** Opening Data shown block **
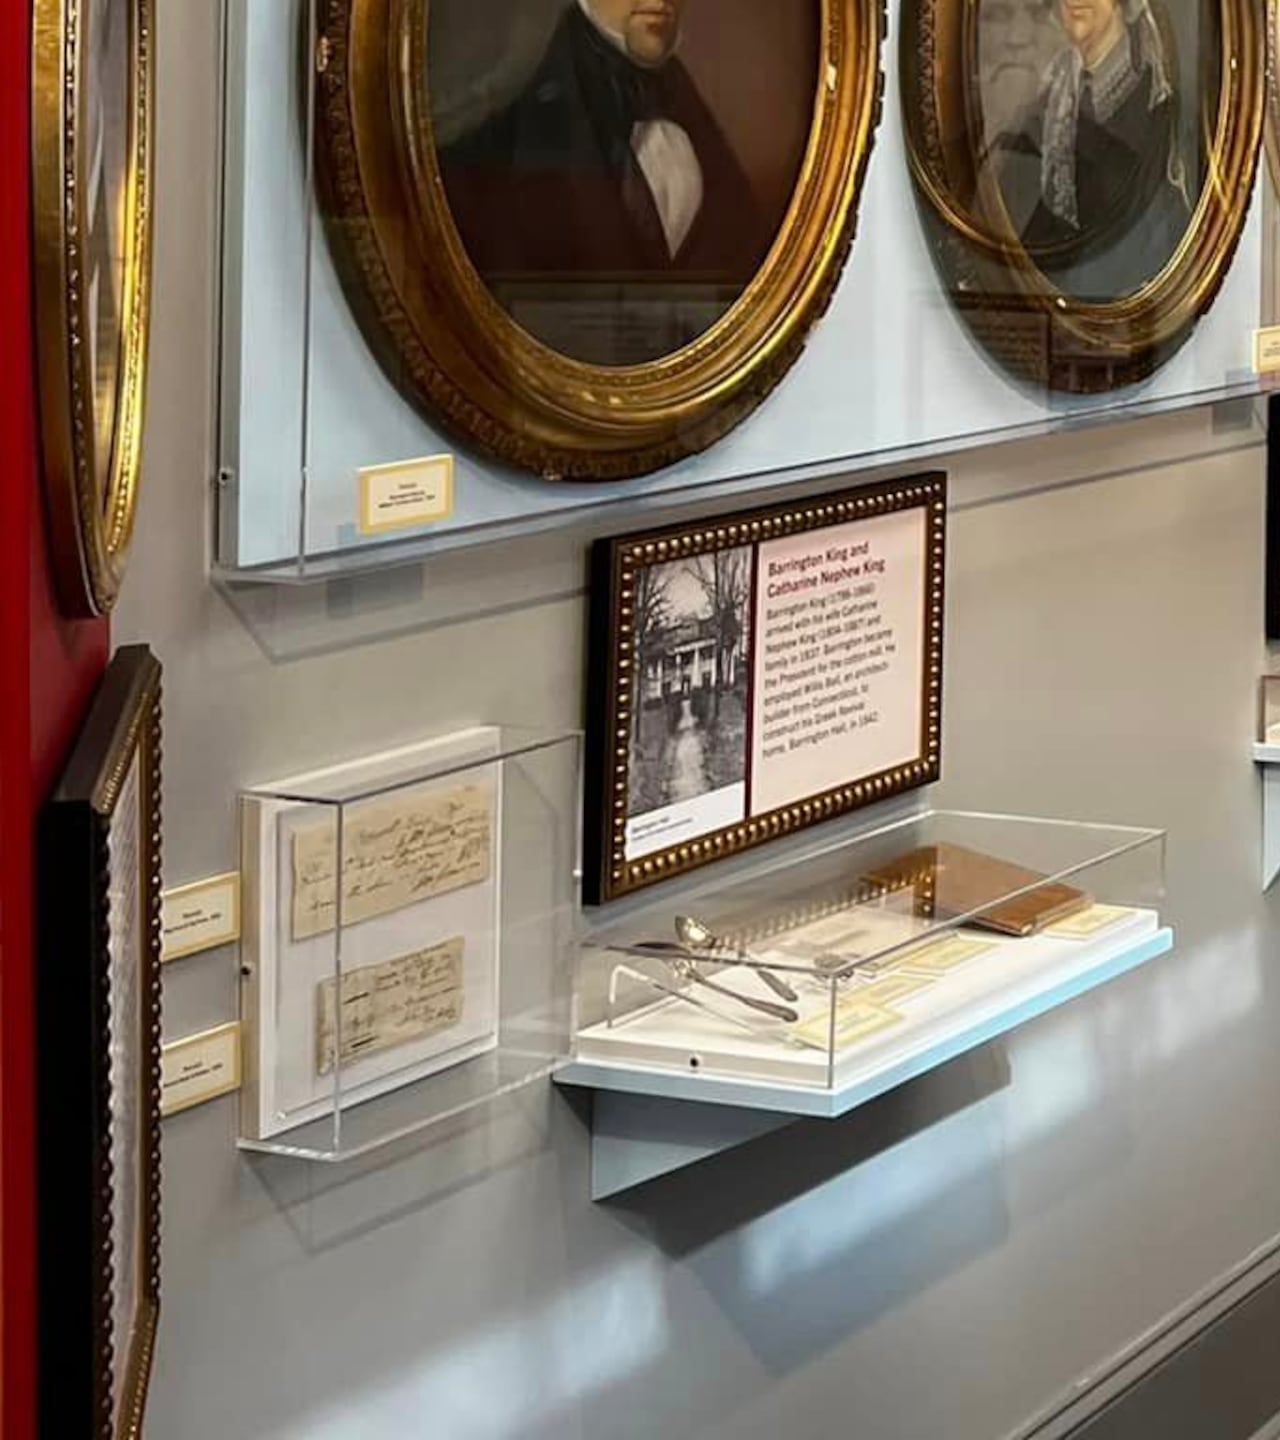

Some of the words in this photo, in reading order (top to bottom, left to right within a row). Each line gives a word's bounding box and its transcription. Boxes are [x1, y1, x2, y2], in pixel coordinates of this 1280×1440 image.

[768, 555, 823, 577] Barrington
[826, 549, 847, 561] King
[850, 542, 868, 557] and
[821, 567, 859, 584] Nephew
[863, 560, 884, 573] King
** Closing Data shown block **
Print each record exactly as it stands, omitting the pictures.

Some of the words in this photo, in reading order (top to bottom, left to right within a row). Each line gives a word's bounding box and its transcription. Boxes are [x1, y1, x2, y2], in pixel coordinates of this 1280×1440 image.

[768, 555, 823, 577] Barrington
[826, 549, 847, 561] King
[850, 542, 868, 557] and
[821, 567, 859, 584] Nephew
[863, 560, 884, 573] King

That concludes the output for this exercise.